Imagination, Creativity and African Future Making

This dynamic interdisciplinary panel composed of artists, writers and intellectuals explore the roles that arts and the imagination play in envisioning global futures. Focusing on African-centered perspectives of worldmaking and non-Western futures, specifically in the context of urban spaces, this panel conversation investigates the intersections of fiction and creative endeavors for questioning, critiquing and re-envisioning developmental paradigms associated with modern metropolitan geographies. By placing an emphasis on indigenous and non-Western knowledge systems as vehicles for sustainable ecological and cultural futures, the panel will deliberate how different creative mediums can deepen African agency in re-imagining future cities.

Participants:

​​Pemi Aguda is from Lagos, Nigeria. W.W. Norton will publish her debut short story collection, Ghostroots, in early 2024 and her debut novel, The Suicide Mothers, in 2025. She was a 2022 MacDowell fellow and is a graduate of the Helen Zell Writers’ Program. Her work has appeared in Ploughshares, Zoetrope, Granta, ZYZZYVA, Tor.com, American Short Fiction and One Story.

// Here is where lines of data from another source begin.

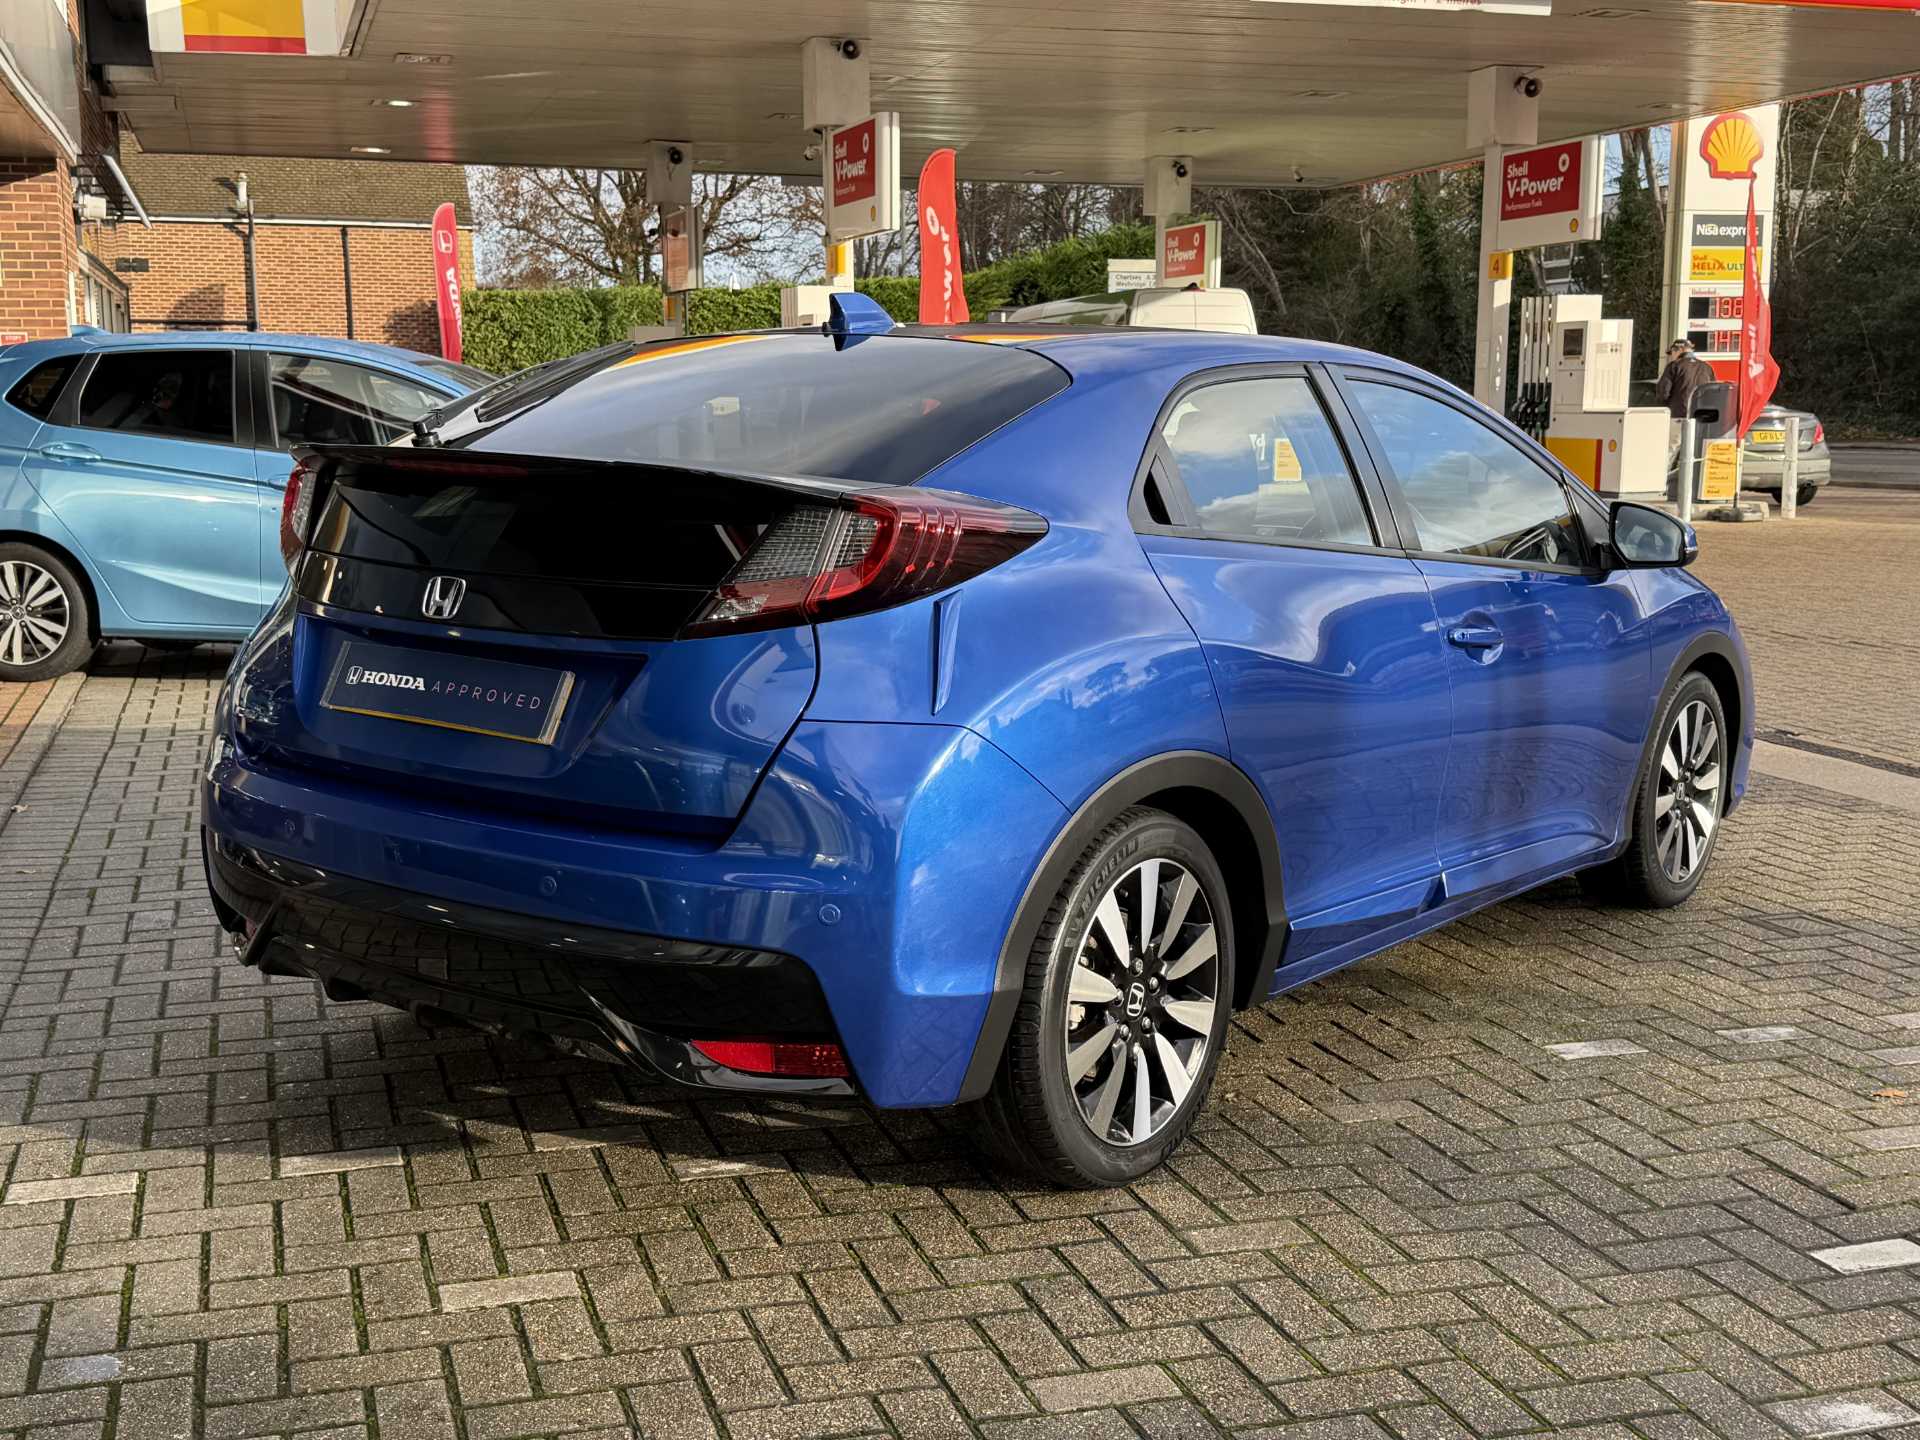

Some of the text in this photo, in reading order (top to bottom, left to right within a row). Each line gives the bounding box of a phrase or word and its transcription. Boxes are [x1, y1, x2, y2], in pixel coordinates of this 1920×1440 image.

[835, 158, 867, 182] V-Power
[1507, 160, 1529, 178] Shell
[1507, 175, 1565, 199] V-Power
[1696, 223, 1760, 238] Nisa exprs
[1167, 249, 1198, 263] V-Power
[1493, 259, 1500, 274] 4
[1692, 260, 1726, 271] HELIX
[363, 670, 542, 710] HONDA APPROVED
[1079, 838, 1140, 915] MICHELIN
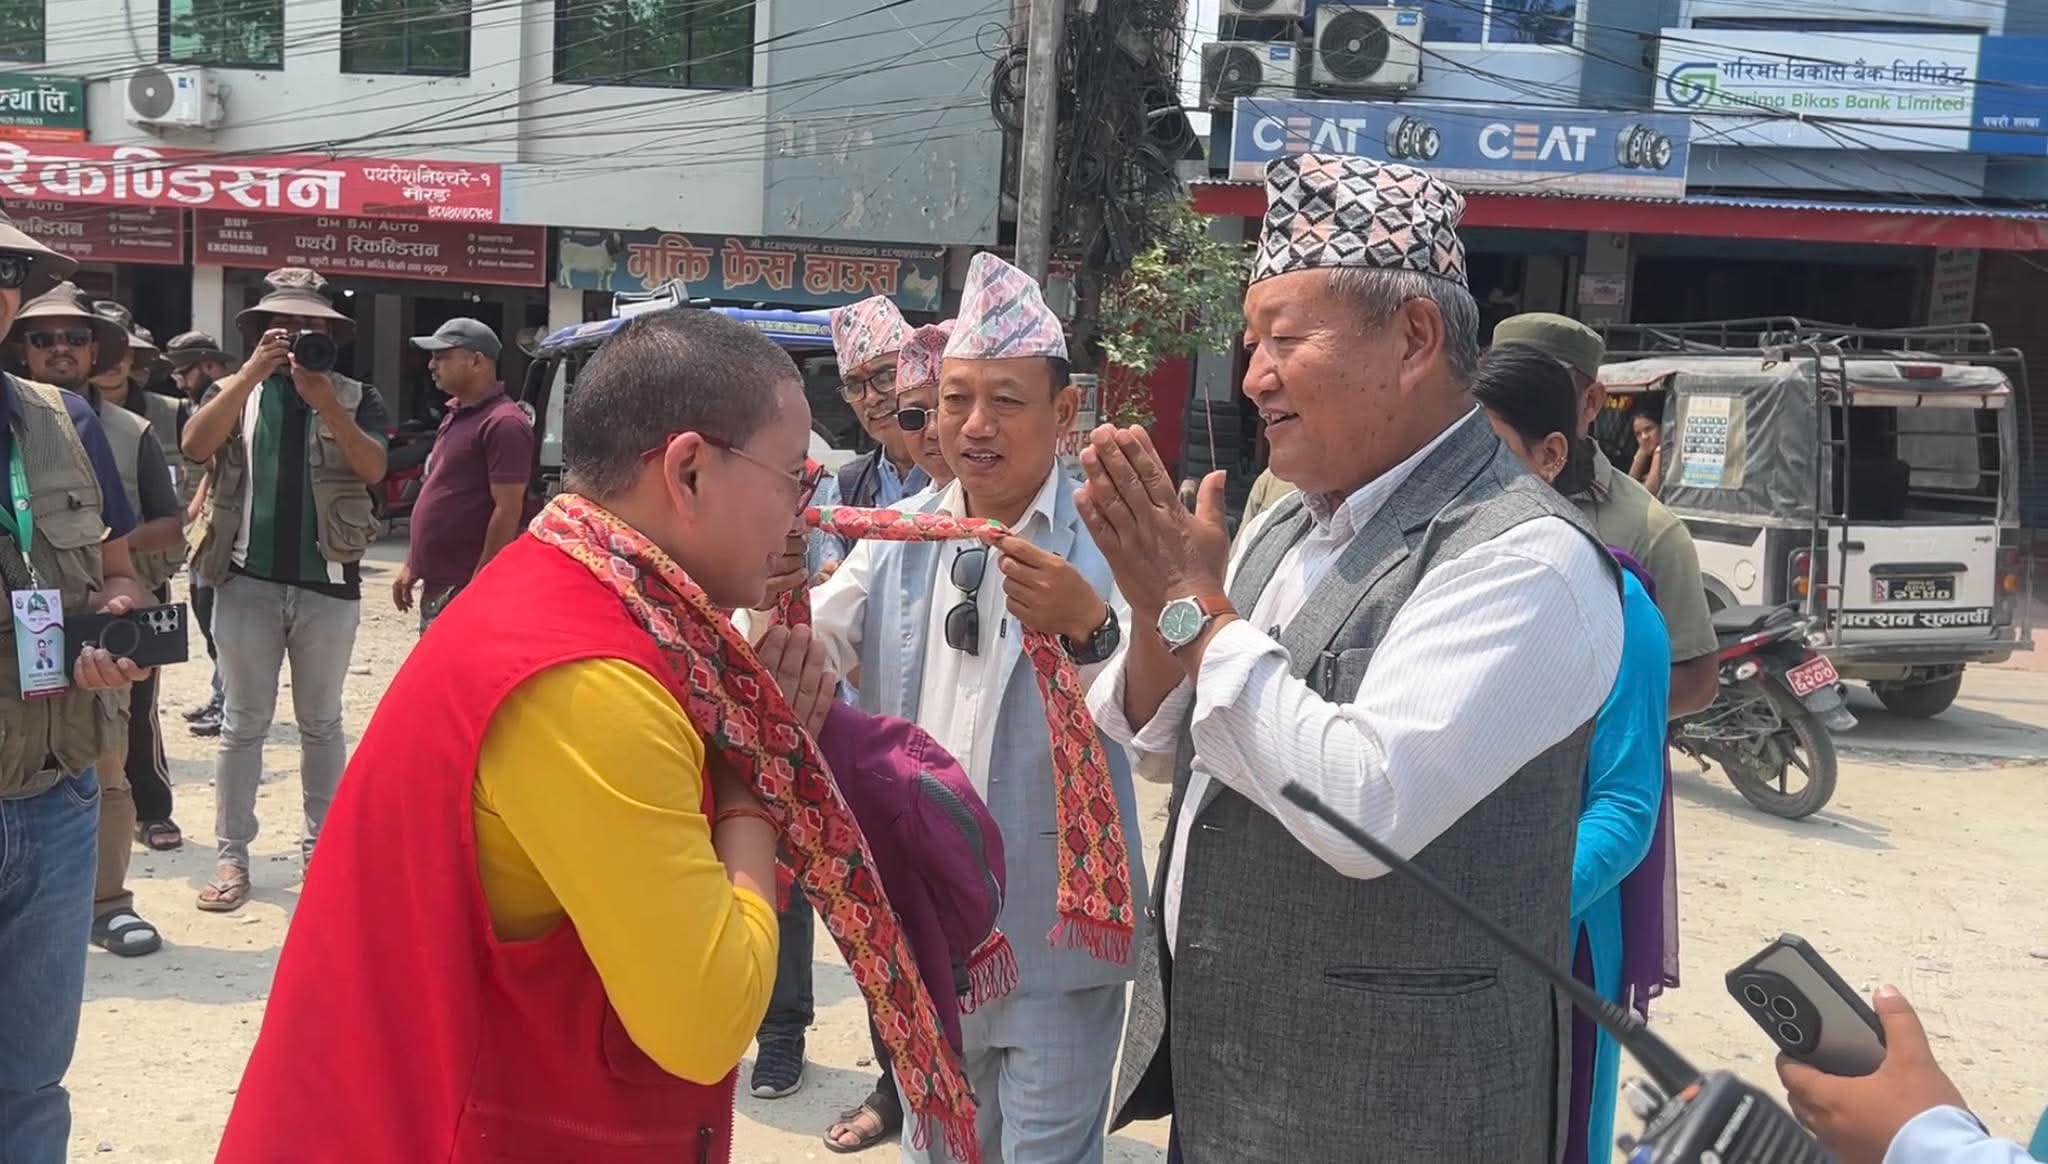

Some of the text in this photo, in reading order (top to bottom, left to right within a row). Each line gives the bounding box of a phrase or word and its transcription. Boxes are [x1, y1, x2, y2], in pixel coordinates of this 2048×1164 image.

[1722, 56, 1967, 86] गरिमा विकास बैंक लिमिटेड
[1791, 93, 1839, 108] Bikas
[1846, 95, 1890, 110] Bank
[1897, 95, 1967, 111] Limited
[1252, 117, 1367, 154] CEAT
[1478, 123, 1597, 161] CEAT
[379, 220, 419, 233] AUTO
[207, 242, 268, 256] EXCHANGE
[295, 234, 336, 252] पथरी
[628, 234, 713, 290] मुक्ति
[803, 254, 901, 296] हाउस

Yvette Lisa Ndlovu is a Zimbabwean sarungano. Her debut short story collection Drinking from Graveyard Wells (University Press of Kentucky, Spring 2023) was selected for the 2021 UPK New Poetry & Prose Series. Her novel manuscript in progress was selected by George R.R. Martin’s team for the Worldbuilder Scholarship. She is pursuing her MFA at the University of Massachusetts-Amherst where she teaches in the Writing Program and earned her BA at Cornell University. Her work has been supported by fellowships from the Tin House Workshop, Bread Loaf Writers Workshop and the New York State Summer Writers Institute. She is the co-founder of the Voodoonauts Summer Workshop for Black SFF writers. Her work has been anthologized in the World Fantasy Award winning anthology Year’s Best African Speculative Fiction 2021 and the NAACP award-nominated anthology African Risen. Her work has appeared or is forthcoming in F&SF, Lightspeed, Tor.com, FANTASY Magazine, Columbia Journal and Fiyah Literary Magazine.

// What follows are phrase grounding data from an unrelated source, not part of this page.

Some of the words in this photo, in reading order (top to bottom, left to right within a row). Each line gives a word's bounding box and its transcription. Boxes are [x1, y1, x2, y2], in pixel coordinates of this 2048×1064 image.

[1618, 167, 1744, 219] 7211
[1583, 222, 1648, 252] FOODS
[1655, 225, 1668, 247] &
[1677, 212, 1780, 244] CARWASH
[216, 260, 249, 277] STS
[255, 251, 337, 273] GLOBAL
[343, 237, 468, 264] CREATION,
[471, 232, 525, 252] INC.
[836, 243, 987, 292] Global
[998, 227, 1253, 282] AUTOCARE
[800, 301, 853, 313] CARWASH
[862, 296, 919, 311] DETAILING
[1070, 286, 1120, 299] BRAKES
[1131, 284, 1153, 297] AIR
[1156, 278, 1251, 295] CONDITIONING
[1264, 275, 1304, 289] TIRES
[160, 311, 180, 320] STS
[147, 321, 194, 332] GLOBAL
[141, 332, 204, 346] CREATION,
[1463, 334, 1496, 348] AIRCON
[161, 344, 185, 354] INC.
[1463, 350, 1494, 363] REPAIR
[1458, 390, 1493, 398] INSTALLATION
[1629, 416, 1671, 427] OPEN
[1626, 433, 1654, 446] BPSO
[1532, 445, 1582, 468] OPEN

Granville Carroll is a visual artist, educator at Arizona State University, and Afrofuturist working with digital technology, poetry and alternative processes to reshape the world. Carroll’s artwork explores photographic representation and vision to understand the process of existence and interpretation. Simultaneously, he explores and expands ideas around racial blackness to encompass spatial blackness, temporal blackness and spiritual blackness. Carroll highlights the imaginative qualities of the human mind through world building and storytelling to discover new futures and states of being. At the core of his practice is the investigation into metaphysics and the ontology of self and the universe.

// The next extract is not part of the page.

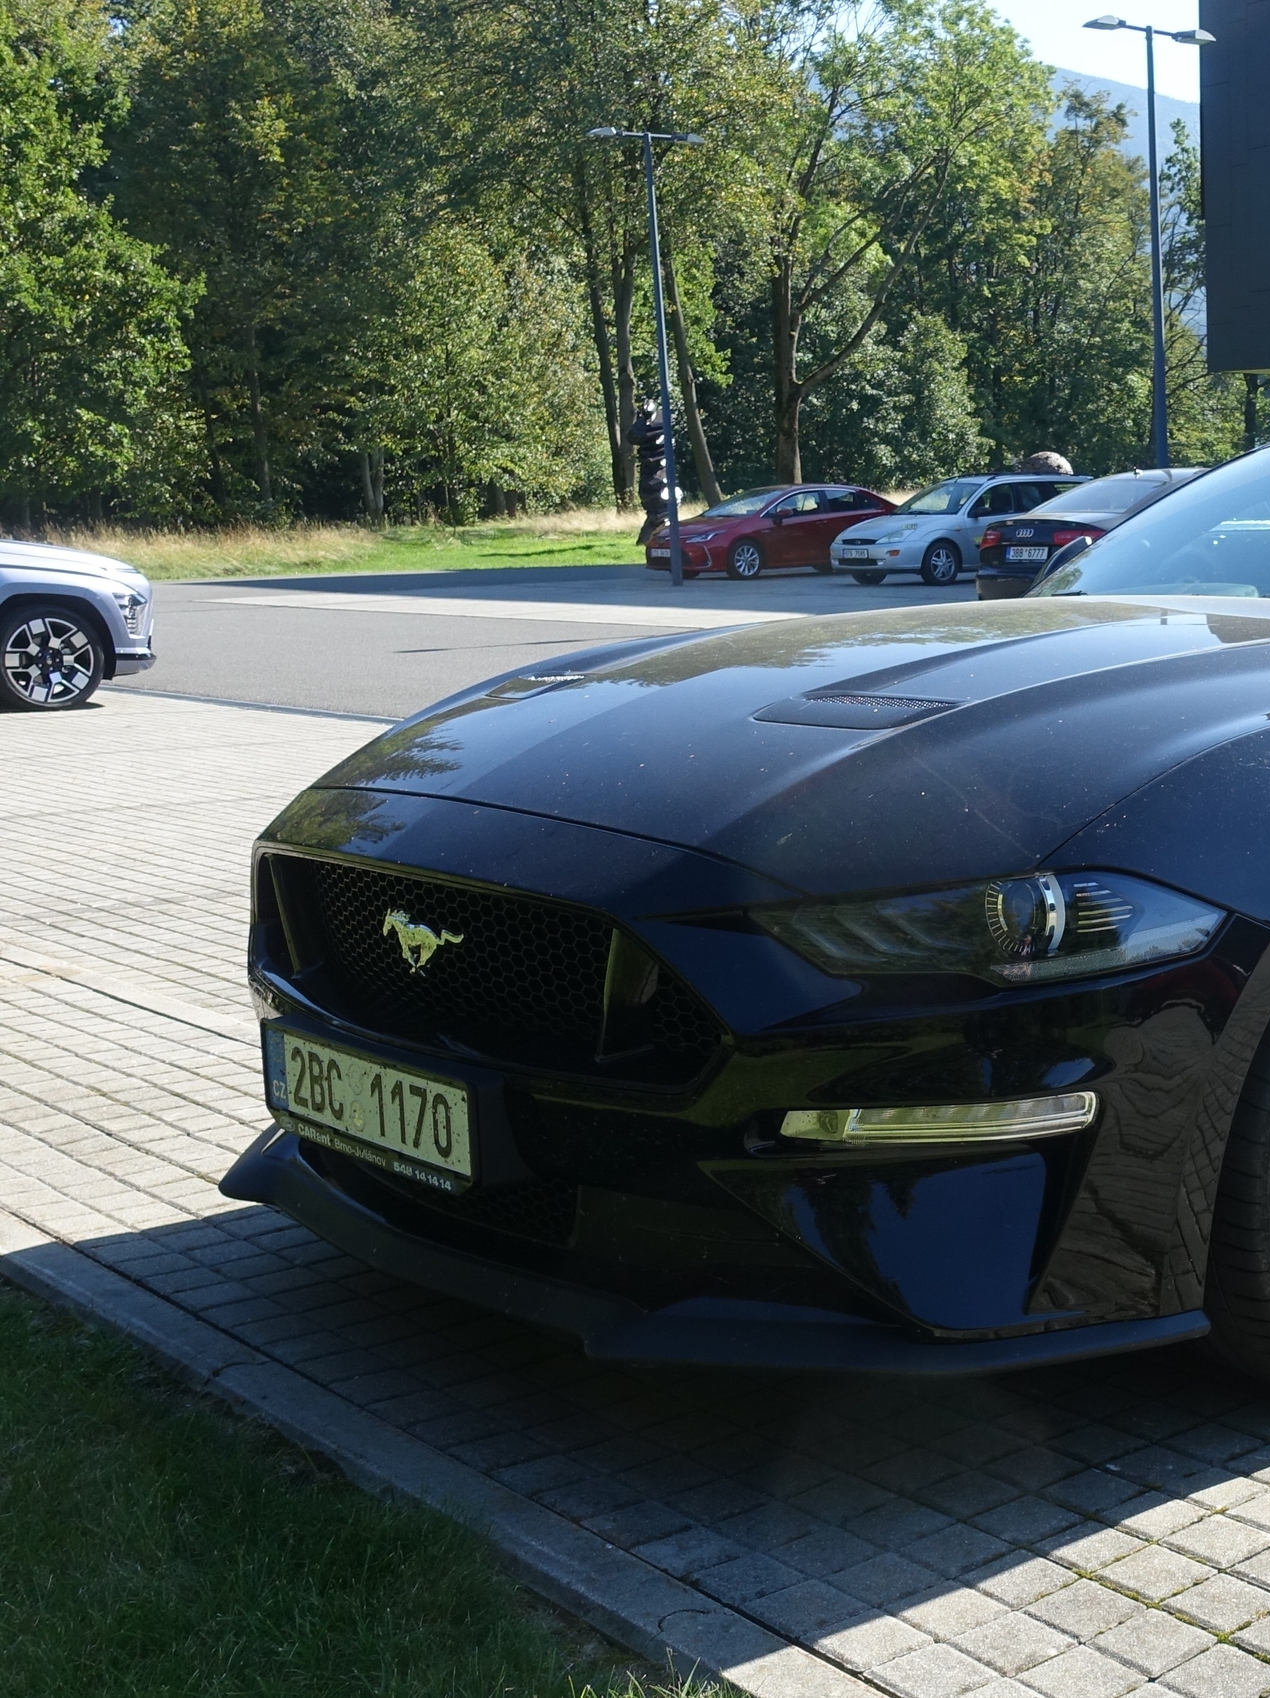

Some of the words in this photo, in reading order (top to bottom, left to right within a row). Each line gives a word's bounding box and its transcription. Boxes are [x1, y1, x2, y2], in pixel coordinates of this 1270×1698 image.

[1028, 548, 1045, 558] 6777
[272, 1080, 287, 1100] CZ
[291, 1046, 344, 1121] 2BC
[370, 1073, 453, 1158] 1170

Jenna N. Hanchey is Assistant Professor of Rhetoric & Critical/Cultural Studies at Arizona State University. She uses decolonial and anti-racist theory to examine Western aid and development initiatives in Africa and how such future trajectories are resisted and reimagined in the continent. In addition to studying Africanfuturism, she also writes speculative fiction herself. Her stories have been published in Nature, Daily Science Fiction, Martian Magazine, Wyngraf and Medusa Tales, among other venues. She is a member of the Locus-award winning Codex Writer’s Forum and an Associate Member of the Science Fiction and Fantasy Writers Association. Her first book, The Center Cannot Hold: Decolonial Possibility in the Collapse of a Tanzanian NGO, is forthcoming from Duke University Press in August 2023. 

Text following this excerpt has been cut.